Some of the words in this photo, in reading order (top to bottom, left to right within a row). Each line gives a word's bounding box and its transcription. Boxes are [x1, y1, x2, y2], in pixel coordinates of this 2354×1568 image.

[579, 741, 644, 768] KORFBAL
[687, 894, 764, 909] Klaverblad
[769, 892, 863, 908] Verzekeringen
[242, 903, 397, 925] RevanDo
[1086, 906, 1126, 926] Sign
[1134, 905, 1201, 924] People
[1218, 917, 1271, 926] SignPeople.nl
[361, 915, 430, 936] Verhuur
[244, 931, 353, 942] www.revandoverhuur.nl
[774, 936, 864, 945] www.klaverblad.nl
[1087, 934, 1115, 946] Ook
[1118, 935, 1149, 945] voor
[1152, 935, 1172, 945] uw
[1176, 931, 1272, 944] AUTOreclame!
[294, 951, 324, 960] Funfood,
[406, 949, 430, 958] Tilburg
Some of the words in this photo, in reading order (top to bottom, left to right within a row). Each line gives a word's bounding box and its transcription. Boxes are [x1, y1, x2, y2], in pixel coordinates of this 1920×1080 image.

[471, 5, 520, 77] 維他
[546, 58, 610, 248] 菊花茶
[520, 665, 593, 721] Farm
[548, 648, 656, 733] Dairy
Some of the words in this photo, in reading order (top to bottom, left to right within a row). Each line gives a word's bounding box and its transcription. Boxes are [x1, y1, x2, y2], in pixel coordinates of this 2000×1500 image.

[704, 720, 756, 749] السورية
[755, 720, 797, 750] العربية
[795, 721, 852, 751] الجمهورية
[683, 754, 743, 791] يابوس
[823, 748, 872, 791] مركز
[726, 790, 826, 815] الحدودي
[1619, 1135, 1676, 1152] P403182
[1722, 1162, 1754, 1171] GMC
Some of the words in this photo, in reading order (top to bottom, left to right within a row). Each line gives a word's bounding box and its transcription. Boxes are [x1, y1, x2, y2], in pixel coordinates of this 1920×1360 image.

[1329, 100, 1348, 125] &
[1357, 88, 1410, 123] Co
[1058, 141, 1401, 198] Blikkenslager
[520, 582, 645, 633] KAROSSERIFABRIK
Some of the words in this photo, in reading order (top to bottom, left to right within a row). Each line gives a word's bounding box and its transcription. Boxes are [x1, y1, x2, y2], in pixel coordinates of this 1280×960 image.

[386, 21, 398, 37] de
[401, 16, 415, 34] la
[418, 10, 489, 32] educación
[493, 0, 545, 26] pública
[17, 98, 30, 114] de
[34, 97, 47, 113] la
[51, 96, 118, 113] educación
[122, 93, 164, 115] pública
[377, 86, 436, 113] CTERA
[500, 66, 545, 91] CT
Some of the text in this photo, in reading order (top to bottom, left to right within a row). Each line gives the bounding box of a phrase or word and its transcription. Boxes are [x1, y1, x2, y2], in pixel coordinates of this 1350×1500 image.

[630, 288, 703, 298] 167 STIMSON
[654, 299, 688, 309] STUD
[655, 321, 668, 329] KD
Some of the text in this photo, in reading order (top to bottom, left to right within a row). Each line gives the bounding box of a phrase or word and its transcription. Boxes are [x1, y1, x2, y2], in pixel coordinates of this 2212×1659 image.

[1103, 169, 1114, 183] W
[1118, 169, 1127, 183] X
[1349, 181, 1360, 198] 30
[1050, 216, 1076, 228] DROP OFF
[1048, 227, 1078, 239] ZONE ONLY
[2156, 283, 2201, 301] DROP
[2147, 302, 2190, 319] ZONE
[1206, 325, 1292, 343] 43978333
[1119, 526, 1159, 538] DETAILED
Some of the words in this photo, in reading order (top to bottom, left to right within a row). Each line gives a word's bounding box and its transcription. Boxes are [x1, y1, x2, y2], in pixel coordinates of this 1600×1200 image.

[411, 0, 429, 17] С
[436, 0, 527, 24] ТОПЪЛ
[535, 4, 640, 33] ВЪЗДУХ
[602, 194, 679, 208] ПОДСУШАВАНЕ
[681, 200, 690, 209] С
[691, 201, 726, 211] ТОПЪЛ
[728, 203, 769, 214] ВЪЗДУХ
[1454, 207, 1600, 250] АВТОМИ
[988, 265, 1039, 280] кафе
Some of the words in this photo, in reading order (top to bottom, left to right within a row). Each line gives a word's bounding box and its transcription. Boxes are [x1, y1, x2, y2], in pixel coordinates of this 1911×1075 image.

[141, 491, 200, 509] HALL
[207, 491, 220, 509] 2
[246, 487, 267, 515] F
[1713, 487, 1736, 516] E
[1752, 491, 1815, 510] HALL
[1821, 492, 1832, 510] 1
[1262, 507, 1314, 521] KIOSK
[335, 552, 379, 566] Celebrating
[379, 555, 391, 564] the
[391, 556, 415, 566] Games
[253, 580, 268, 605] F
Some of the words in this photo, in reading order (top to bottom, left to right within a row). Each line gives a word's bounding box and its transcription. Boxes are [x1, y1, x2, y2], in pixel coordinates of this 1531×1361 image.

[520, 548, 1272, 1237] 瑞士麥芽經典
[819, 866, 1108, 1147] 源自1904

[Aim of the exercise] The records above are to be copied out exactly, line for line.

[Task solution]
Some of the words in this photo, in reading order (top to bottom, left to right within a row). Each line gives a word's bounding box and its transcription. Boxes are [x1, y1, x2, y2], in pixel coordinates of this 2354×1568 image.

[579, 741, 644, 768] KORFBAL
[687, 894, 764, 909] Klaverblad
[769, 892, 863, 908] Verzekeringen
[242, 903, 397, 925] RevanDo
[1086, 906, 1126, 926] Sign
[1134, 905, 1201, 924] People
[1218, 917, 1271, 926] SignPeople.nl
[361, 915, 430, 936] Verhuur
[244, 931, 353, 942] www.revandoverhuur.nl
[774, 936, 864, 945] www.klaverblad.nl
[1087, 934, 1115, 946] Ook
[1118, 935, 1149, 945] voor
[1152, 935, 1172, 945] uw
[1176, 931, 1272, 944] AUTOreclame!
[294, 951, 324, 960] Funfood,
[406, 949, 430, 958] Tilburg
Some of the words in this photo, in reading order (top to bottom, left to right within a row). Each line gives a word's bounding box and its transcription. Boxes are [x1, y1, x2, y2], in pixel coordinates of this 1920×1080 image.

[471, 5, 520, 77] 維他
[546, 58, 610, 248] 菊花茶
[520, 665, 593, 721] Farm
[548, 648, 656, 733] Dairy
Some of the words in this photo, in reading order (top to bottom, left to right within a row). Each line gives a word's bounding box and its transcription. Boxes are [x1, y1, x2, y2], in pixel coordinates of this 2000×1500 image.

[704, 720, 756, 749] السورية
[755, 720, 797, 750] العربية
[795, 721, 852, 751] الجمهورية
[683, 754, 743, 791] يابوس
[823, 748, 872, 791] مركز
[726, 790, 826, 815] الحدودي
[1619, 1135, 1676, 1152] P403182
[1722, 1162, 1754, 1171] GMC
Some of the words in this photo, in reading order (top to bottom, left to right within a row). Each line gives a word's bounding box and its transcription. Boxes are [x1, y1, x2, y2], in pixel coordinates of this 1920×1360 image.

[1329, 100, 1348, 125] &
[1357, 88, 1410, 123] Co
[1058, 141, 1401, 198] Blikkenslager
[520, 582, 645, 633] KAROSSERIFABRIK
Some of the words in this photo, in reading order (top to bottom, left to right within a row). Each line gives a word's bounding box and its transcription. Boxes are [x1, y1, x2, y2], in pixel coordinates of this 1280×960 image.

[386, 21, 398, 37] de
[401, 16, 415, 34] la
[418, 10, 489, 32] educación
[493, 0, 545, 26] pública
[17, 98, 30, 114] de
[34, 97, 47, 113] la
[51, 96, 118, 113] educación
[122, 93, 164, 115] pública
[377, 86, 436, 113] CTERA
[500, 66, 545, 91] CT
Some of the text in this photo, in reading order (top to bottom, left to right within a row). Each line gives the bounding box of a phrase or word and its transcription. Boxes are [x1, y1, x2, y2], in pixel coordinates of this 1350×1500 image.

[630, 288, 703, 298] 167 STIMSON
[654, 299, 688, 309] STUD
[655, 321, 668, 329] KD
Some of the text in this photo, in reading order (top to bottom, left to right within a row). Each line gives the bounding box of a phrase or word and its transcription. Boxes are [x1, y1, x2, y2], in pixel coordinates of this 2212×1659 image.

[1103, 169, 1114, 183] W
[1118, 169, 1127, 183] X
[1349, 181, 1360, 198] 30
[1050, 216, 1076, 228] DROP OFF
[1048, 227, 1078, 239] ZONE ONLY
[2156, 283, 2201, 301] DROP
[2147, 302, 2190, 319] ZONE
[1206, 325, 1292, 343] 43978333
[1119, 526, 1159, 538] DETAILED
Some of the words in this photo, in reading order (top to bottom, left to right within a row). Each line gives a word's bounding box and its transcription. Boxes are [x1, y1, x2, y2], in pixel coordinates of this 1600×1200 image.

[411, 0, 429, 17] С
[436, 0, 527, 24] ТОПЪЛ
[535, 4, 640, 33] ВЪЗДУХ
[602, 194, 679, 208] ПОДСУШАВАНЕ
[681, 200, 690, 209] С
[691, 201, 726, 211] ТОПЪЛ
[728, 203, 769, 214] ВЪЗДУХ
[1454, 207, 1600, 250] АВТОМИ
[988, 265, 1039, 280] кафе
Some of the words in this photo, in reading order (top to bottom, left to right within a row). Each line gives a word's bounding box and its transcription. Boxes are [x1, y1, x2, y2], in pixel coordinates of this 1911×1075 image.

[141, 491, 200, 509] HALL
[207, 491, 220, 509] 2
[246, 487, 267, 515] F
[1713, 487, 1736, 516] E
[1752, 491, 1815, 510] HALL
[1821, 492, 1832, 510] 1
[1262, 507, 1314, 521] KIOSK
[335, 552, 379, 566] Celebrating
[379, 555, 391, 564] the
[391, 556, 415, 566] Games
[253, 580, 268, 605] F
Some of the words in this photo, in reading order (top to bottom, left to right within a row). Each line gives a word's bounding box and its transcription. Boxes are [x1, y1, x2, y2], in pixel coordinates of this 1531×1361 image.

[520, 548, 1272, 1237] 瑞士麥芽經典
[819, 866, 1108, 1147] 源自1904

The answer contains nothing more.